Proofread & audio edited by Jana Elizabeth.
This is Richard, and I’m here with a fable by Aesop, that Bertie has brought up to date for Storynory.
Mr. Fox was strolling through the woods when he noticed a plump hen sitting on the branch of a tree.
“Ah,” he said to himself. “Lunch.” But he did not say that aloud. No, he was far too cunning to show what he was really thinking. Instead, he said, “Good day to you, my lovely lady. May the angel of peace be upon you. May your spirit be uplifted with joy.”
“Good day to you,” clucked back the hen.
“Have you strayed from the farmyard?” enquired the fox.
“I have,” replied the hen. I had to leave, you see. Cluck! I’m afraid that the farmer’s wife is no honest woman. She kept on stealing my eggs. Cl-uuuck!
One day, I noticed a hole in the fence. I decided to pop through it, and make my own way in the world. Cluck! ”
“A hole in the fence, you say?” asked Mr. Fox.

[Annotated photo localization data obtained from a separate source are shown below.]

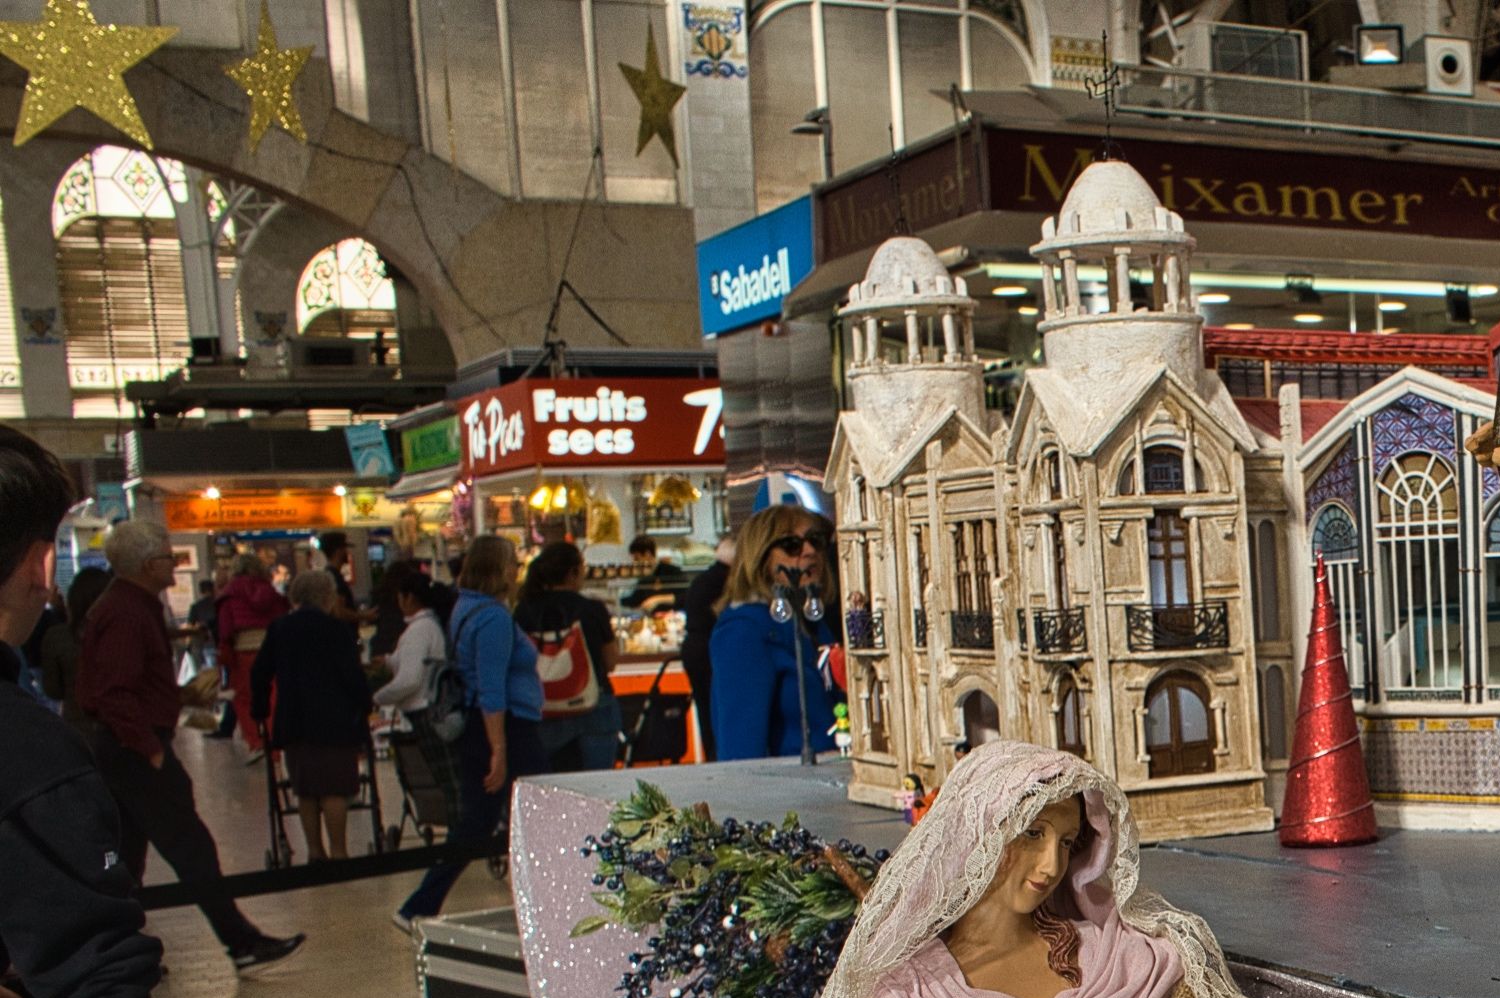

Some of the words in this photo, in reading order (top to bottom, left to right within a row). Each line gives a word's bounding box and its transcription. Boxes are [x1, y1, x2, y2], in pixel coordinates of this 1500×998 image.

[1018, 144, 1423, 225] Mixamer
[719, 247, 792, 316] Sabadell
[532, 386, 648, 423] Fruits
[547, 428, 636, 456] secs
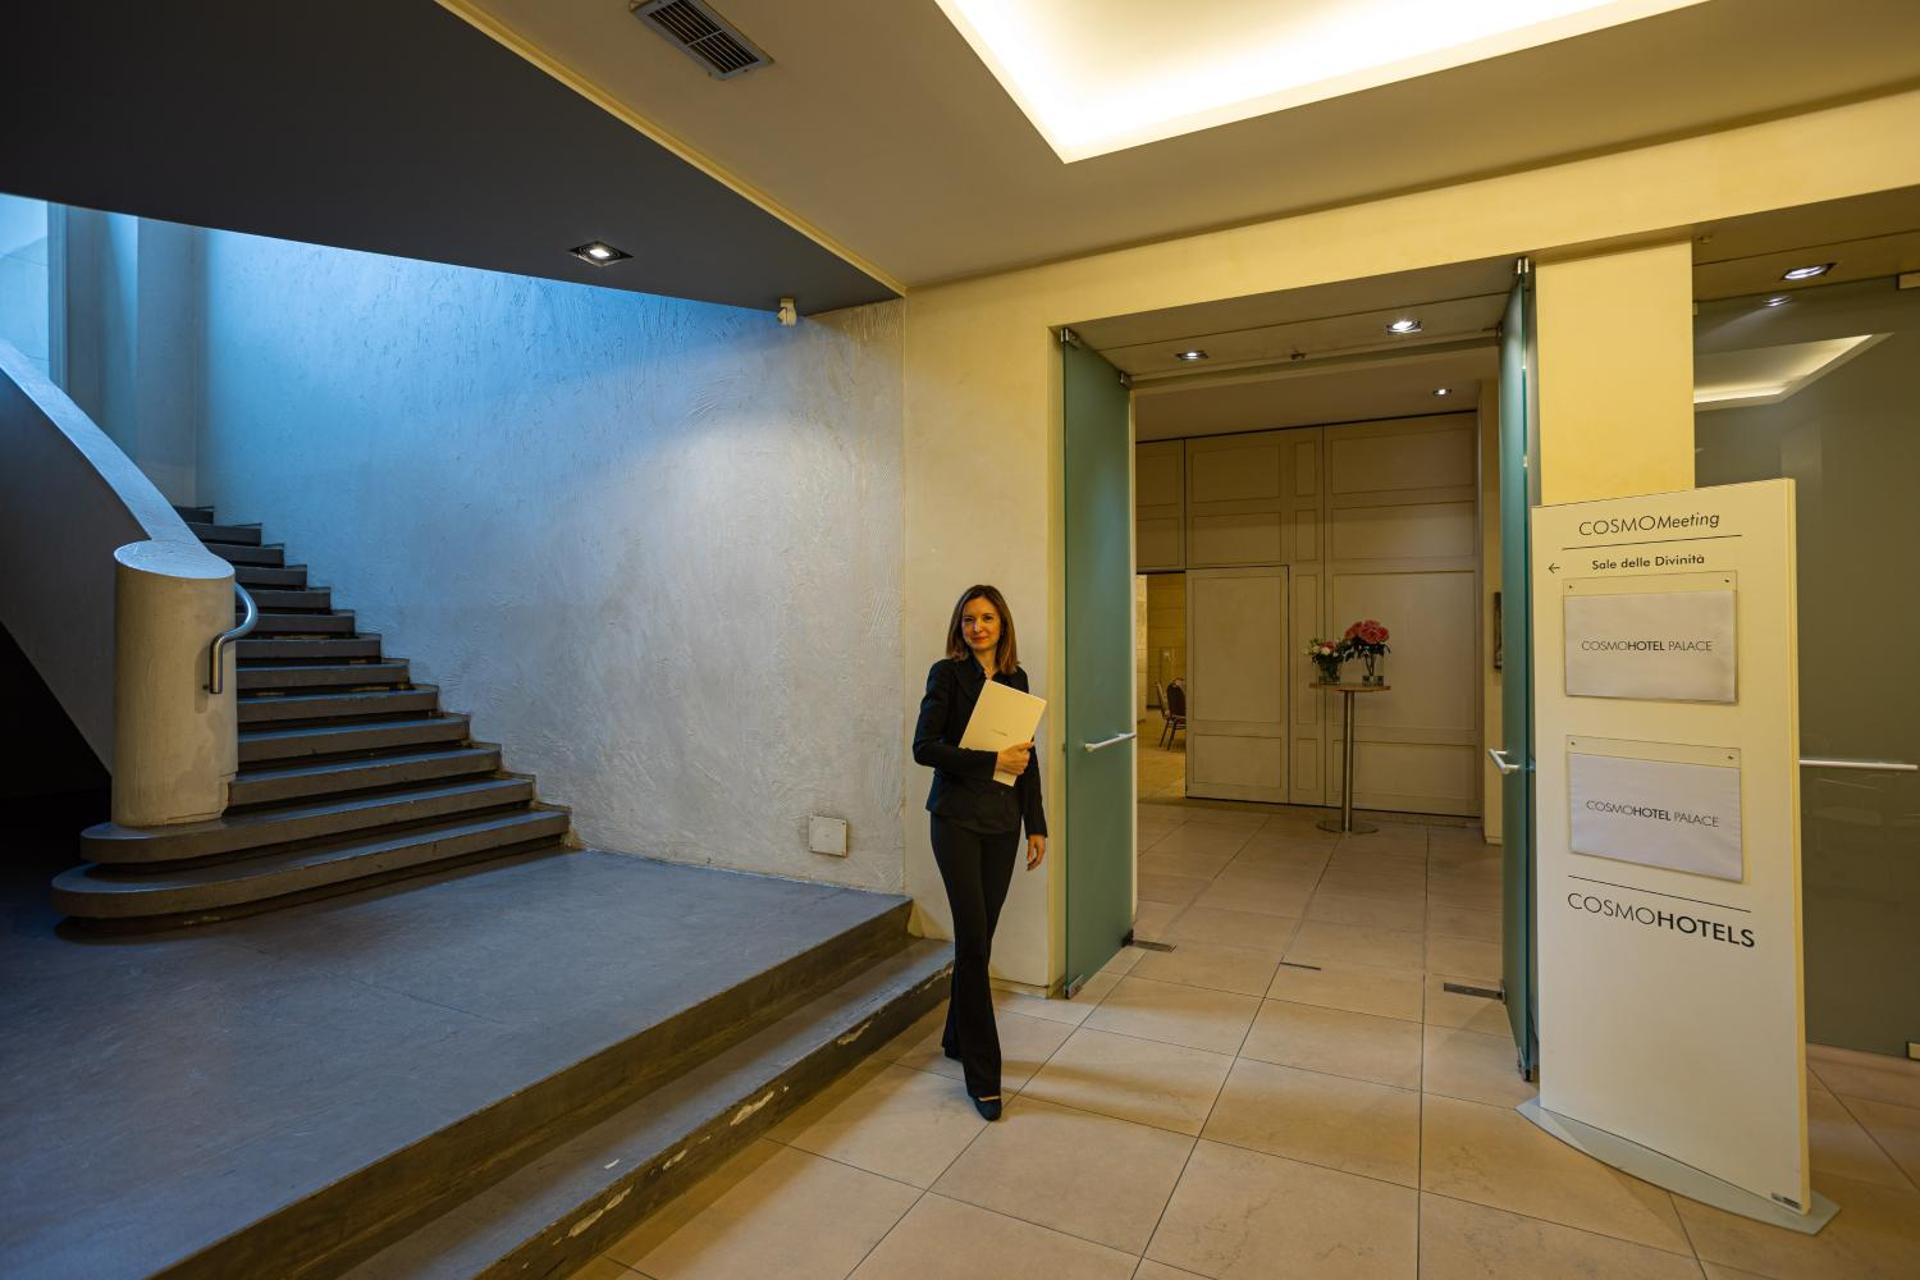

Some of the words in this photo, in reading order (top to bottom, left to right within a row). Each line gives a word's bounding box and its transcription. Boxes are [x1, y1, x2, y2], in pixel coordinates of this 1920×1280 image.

[1579, 512, 1719, 535] COSMOMeeting
[1592, 559, 1617, 570] Sale
[1621, 557, 1650, 569] delle
[1581, 640, 1665, 651] COSMOHOTEL
[1668, 640, 1713, 651] PALACE
[1586, 800, 1671, 821] COSMOHOTEL
[1673, 812, 1720, 828] PALACE
[1567, 892, 1755, 948] COSMOHOTELS
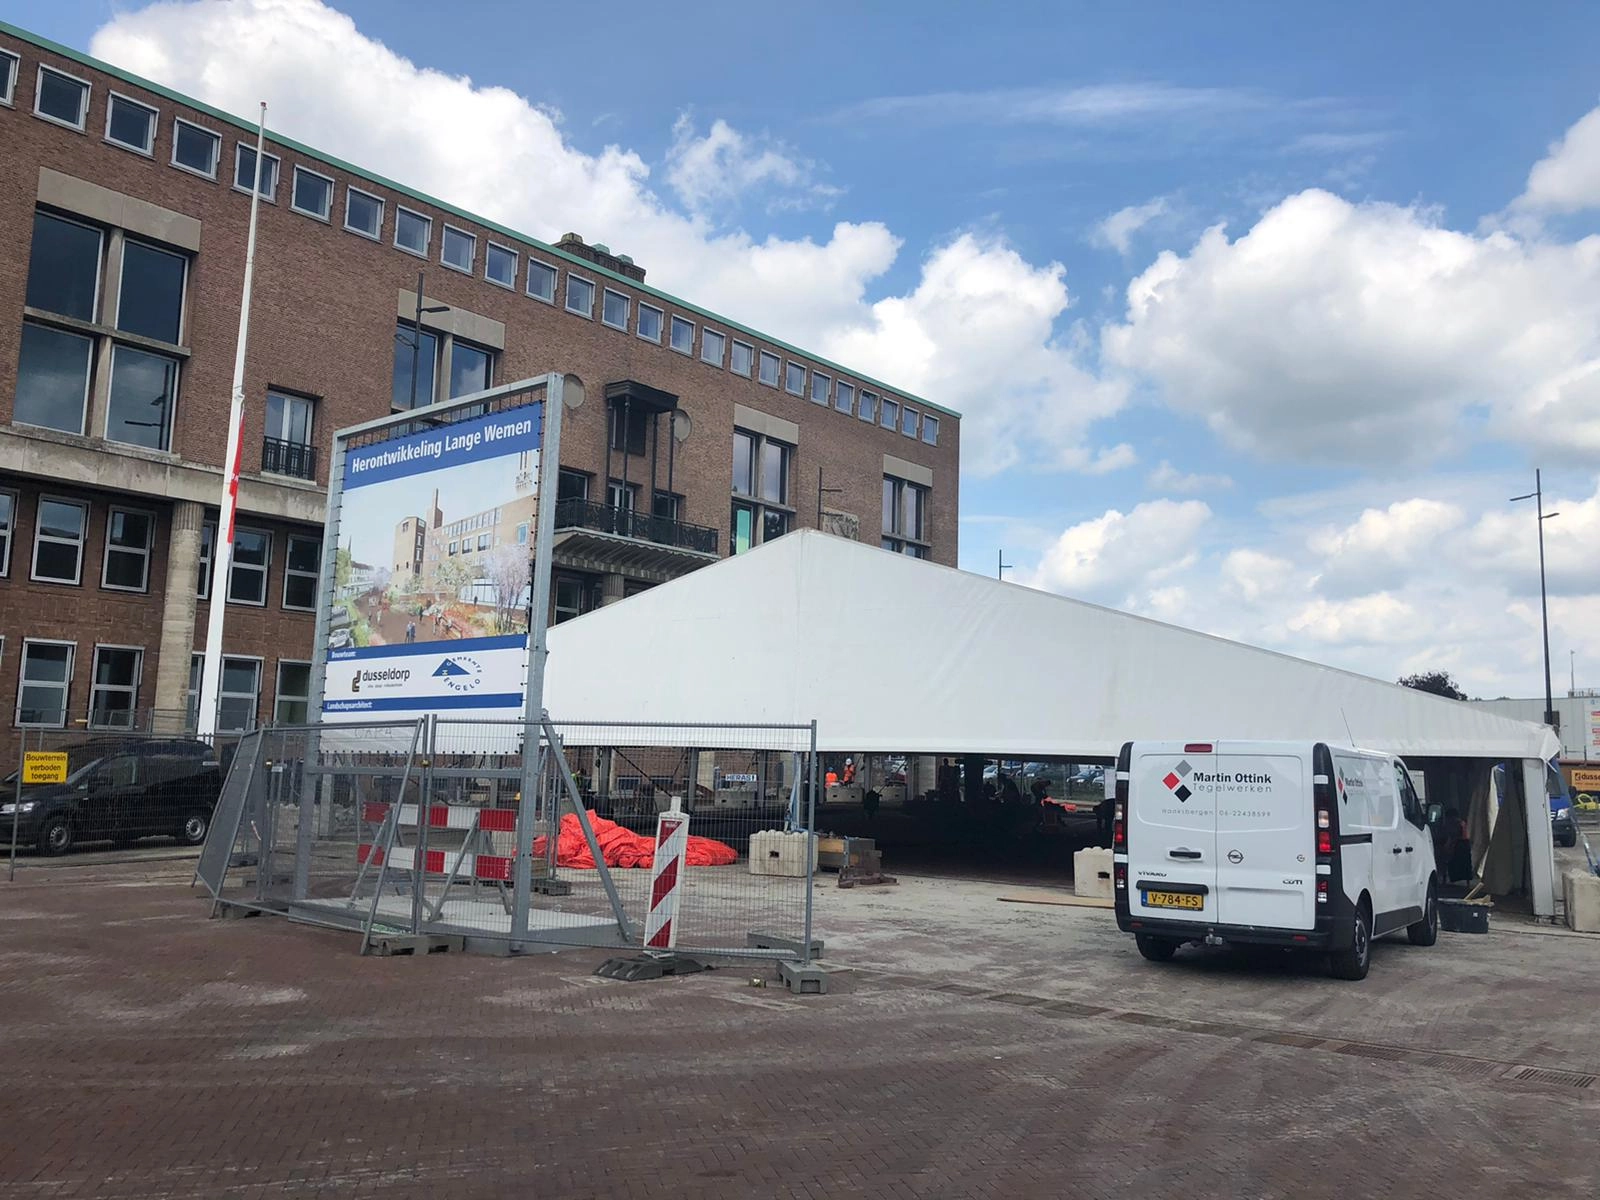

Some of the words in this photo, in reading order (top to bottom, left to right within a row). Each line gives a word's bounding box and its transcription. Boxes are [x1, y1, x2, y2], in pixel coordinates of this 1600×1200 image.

[351, 441, 442, 473] Herontwikkeling
[445, 431, 481, 453] Lange
[484, 419, 532, 442] Wemen
[362, 668, 411, 682] dusseldorp
[26, 753, 67, 762] Bouwterrein
[31, 773, 59, 781] toegang
[1193, 772, 1232, 783] Martin
[1234, 773, 1272, 784] Ottink
[1193, 783, 1272, 793] Tegelwerken
[1151, 893, 1199, 907] V-784-FS
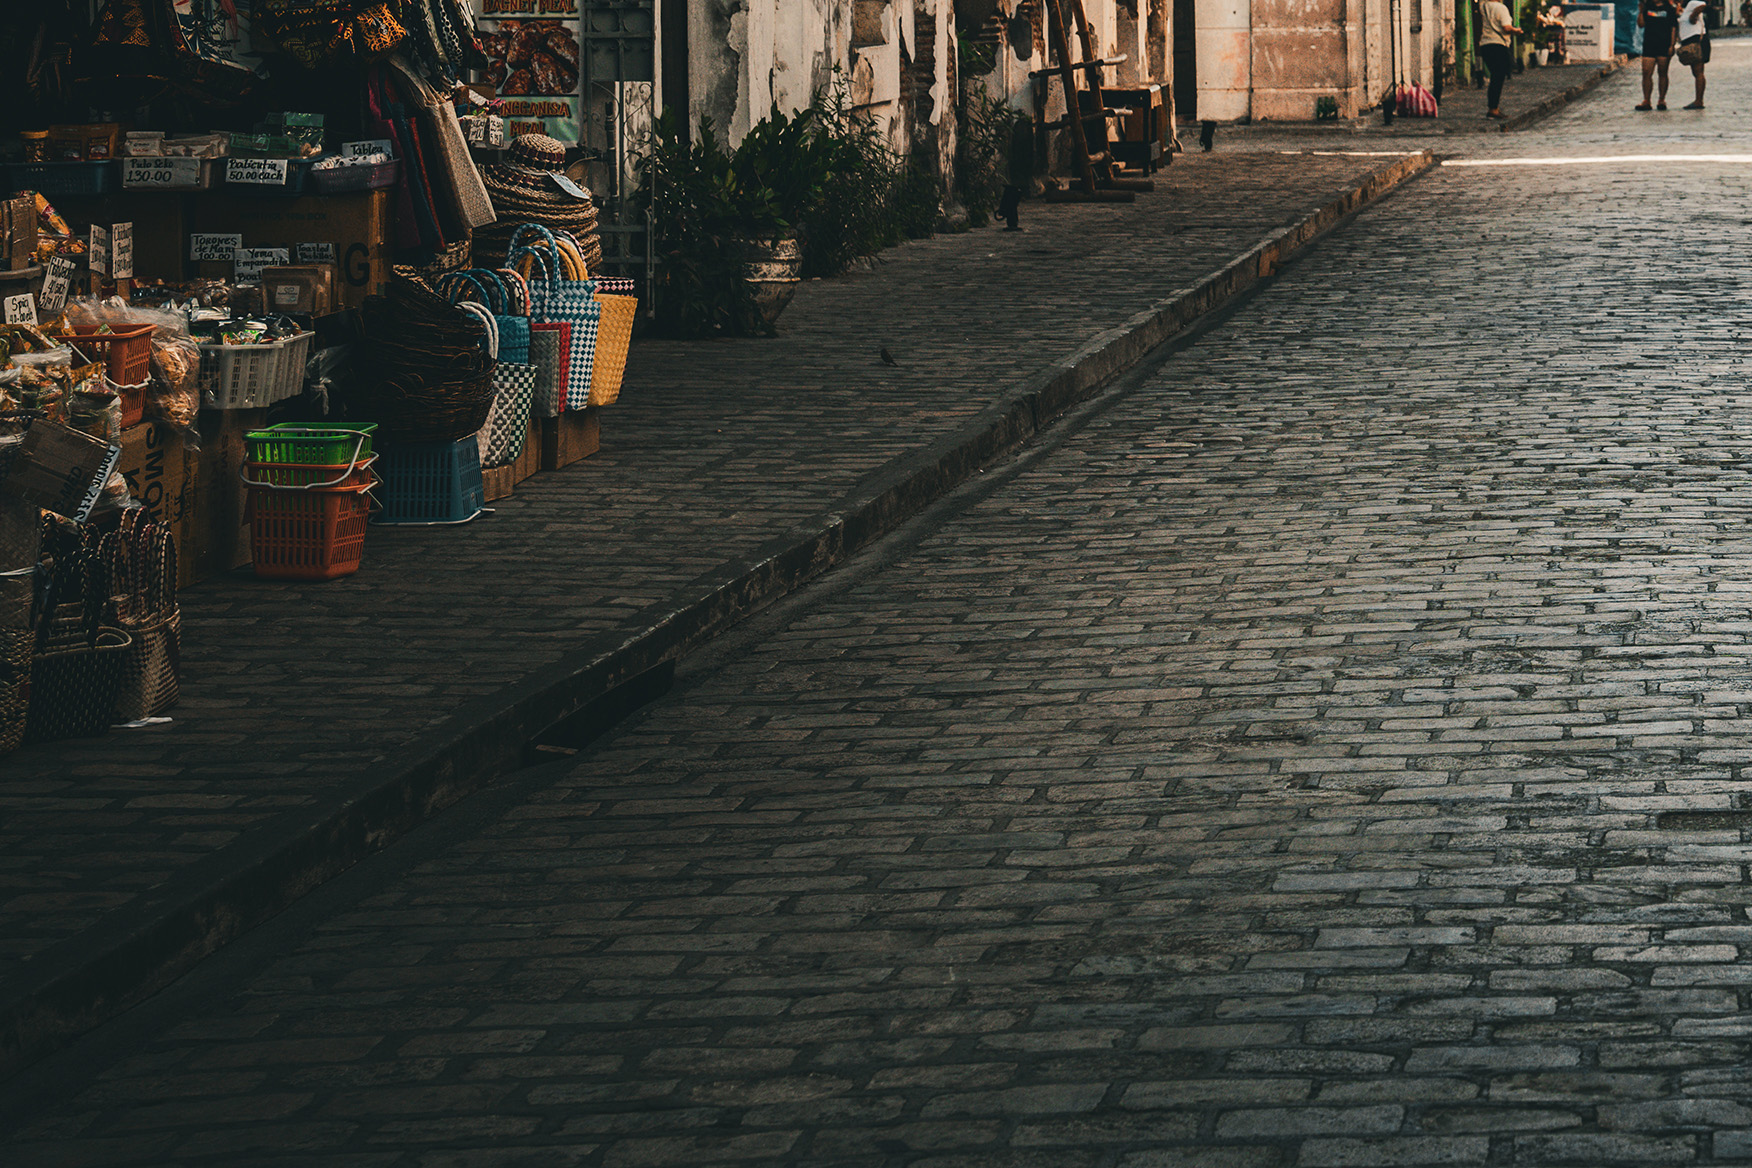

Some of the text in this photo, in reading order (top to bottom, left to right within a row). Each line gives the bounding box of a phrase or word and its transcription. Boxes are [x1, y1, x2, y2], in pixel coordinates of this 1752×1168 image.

[500, 100, 572, 118] NGGANISA
[509, 120, 548, 137] MEAL
[130, 158, 152, 169] Puto
[126, 170, 172, 182] 130.00
[229, 169, 284, 181] 50.00 each
[194, 245, 208, 253] de

“Cluck, indeed,” said the hen.
And Mr. Fox made a quiet note of that piece of information. However, right then, he had more pressing business to attend to.
“And how do you like living on your own?” he enquired. “Do you not miss the warm bosom of friendship?”
“Cluck! On the whole, I enjoy my own company,” she replied, “but of course one has to look out for tricky animals. Cluck! who would like to have me for their lunch. Cluck! Cluck!”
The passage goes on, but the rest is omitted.